A Comprehensive Analysis Using Machine Learning Techniques#
Introduction#
In this Jupyter Book, we will dive into the world of Airbnb price prediction in Europe. Airbnb has become a popular platform for travelers to find accommodation, offering a wide range of options in various cities across Europe. Understanding the factors that influence pricing is essential for hosts who want to optimize their listings, as well as for guests who want to find the best deals.
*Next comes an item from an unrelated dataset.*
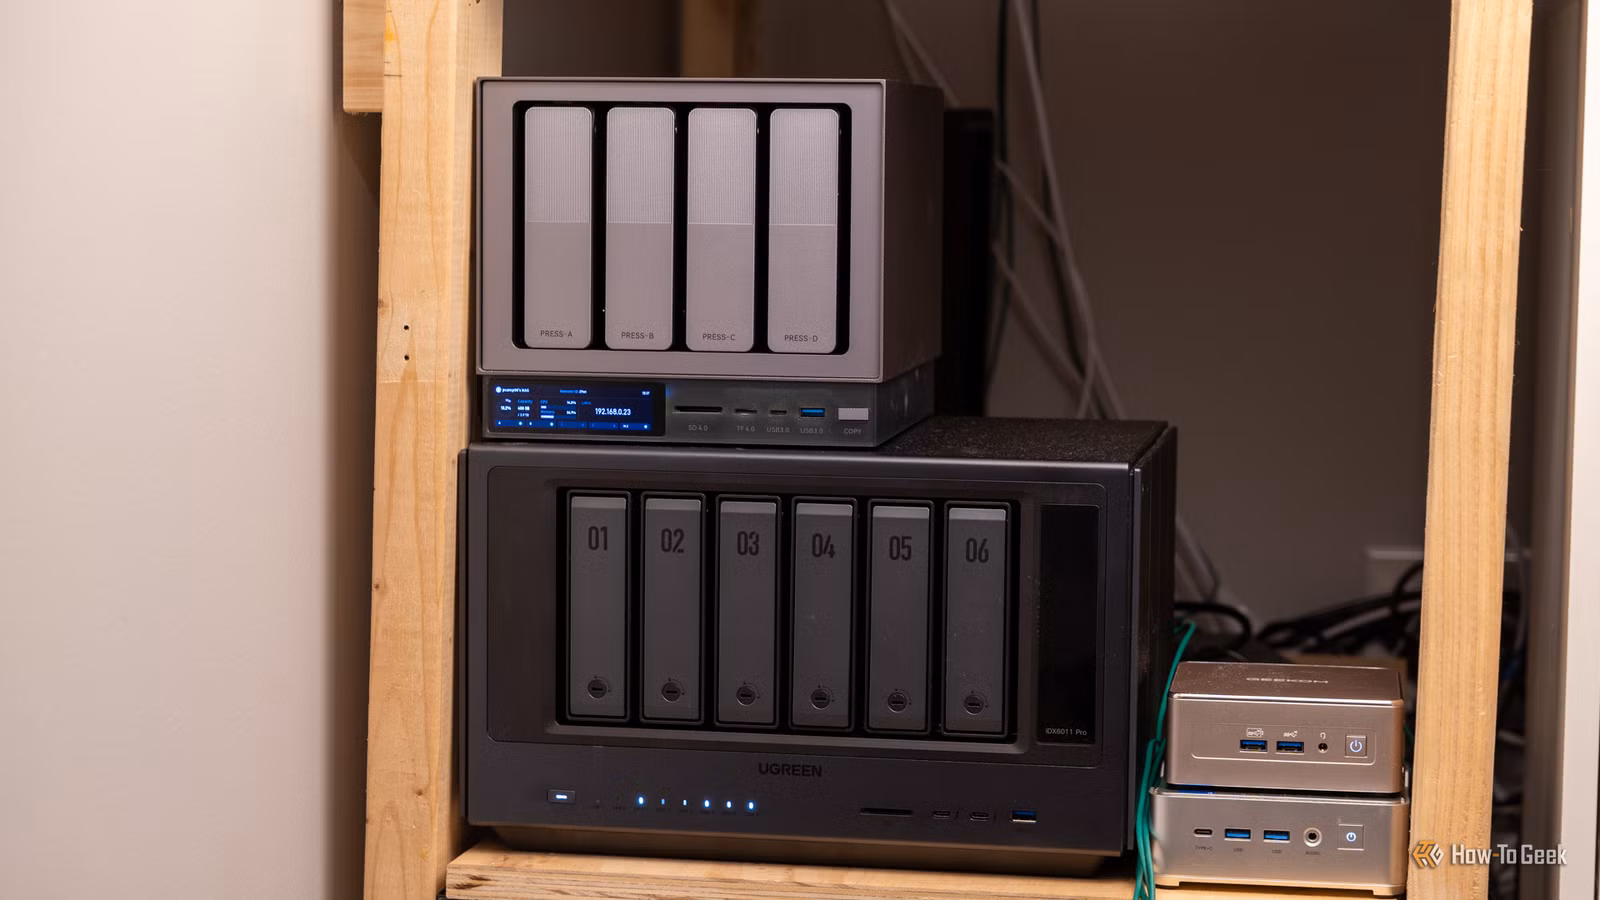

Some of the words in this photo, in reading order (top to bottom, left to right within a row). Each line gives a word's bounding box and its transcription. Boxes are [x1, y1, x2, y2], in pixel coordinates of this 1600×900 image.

Our goal is to build a machine learning model that can predict Airbnb prices based on various features, such as location, room type, amenities, and more. By doing so, we hope to provide valuable insights for both hosts and guests to make informed decisions.
Data Description#
We have a dataset containing Airbnb listings in various European cities, including Amsterdam, Athens, Barcelona, Berlin, Budapest, Lisbon, Paris, Rome, and Vienna. The raw data is from Kaggle, which can be found here.The dataset contains the following features:
City
Price
Day (Weekday or Weekend)
Room Type (Private room, Entire home/apt, Shared room)
Shared Room
Private Room
Person Capacity
Superhost
Multiple Rooms
Business
Cleanliness Rating
Guest Satisfaction
Bedrooms
City Center (km)
Metro Distance (km)
Attraction Index
Normalised Attraction Index
Restaurant Index
Normalised Restaurant Index
Here’s a preview of the dataset:
Import the packages#
import pandas as pd
from IPython.display import Image
from sklearn.model_selection import train_test_split
from utils.pipeline_utils import create_pipelines
Load the data#
df = pd.read_csv('data/Aemf1.csv')
df.head()
City | Price | Day | Room Type | Shared Room | Private Room | Person Capacity | Superhost | Multiple Rooms | Business | Cleanliness Rating | Guest Satisfaction | Bedrooms | City Center (km) | Metro Distance (km) | Attraction Index | Normalised Attraction Index | Restraunt Index | Normalised Restraunt Index | |
---|---|---|---|---|---|---|---|---|---|---|---|---|---|---|---|---|---|---|---|
0 | Amsterdam | 194.033698 | Weekday | Private room | False | True | 2.0 | False | 1 | 0 | 10.0 | 93.0 | 1 | 5.022964 | 2.539380 | 78.690379 | 4.166708 | 98.253896 | 6.846473 |
1 | Amsterdam | 344.245776 | Weekday | Private room | False | True | 4.0 | False | 0 | 0 | 8.0 | 85.0 | 1 | 0.488389 | 0.239404 | 631.176378 | 33.421209 | 837.280757 | 58.342928 |
2 | Amsterdam | 264.101422 | Weekday | Private room | False | True | 2.0 | False | 0 | 1 | 9.0 | 87.0 | 1 | 5.748312 | 3.651621 | 75.275877 | 3.985908 | 95.386955 | 6.646700 |
3 | Amsterdam | 433.529398 | Weekday | Private room | False | True | 4.0 | False | 0 | 1 | 9.0 | 90.0 | 2 | 0.384862 | 0.439876 | 493.272534 | 26.119108 | 875.033098 | 60.973565 |
4 | Amsterdam | 485.552926 | Weekday | Private room | False | True | 2.0 | True | 0 | 0 | 10.0 | 98.0 | 1 | 0.544738 | 0.318693 | 552.830324 | 29.272733 | 815.305740 | 56.811677 |
Exploratory Data Analysis#
Data Preprocessing#
In this section, we performed data preprocessing on the cleaned European Airbnb dataset, which originally had no missing values. We first analyzed the frequency distribution of the prices by plotting a histogram. Upon observing potential outliers in the price distribution, we decided to remove them using the Interquartile Range (IQR) method. By calculating the IQR and determining the lower and upper bounds, we filtered out the outliers from the dataset.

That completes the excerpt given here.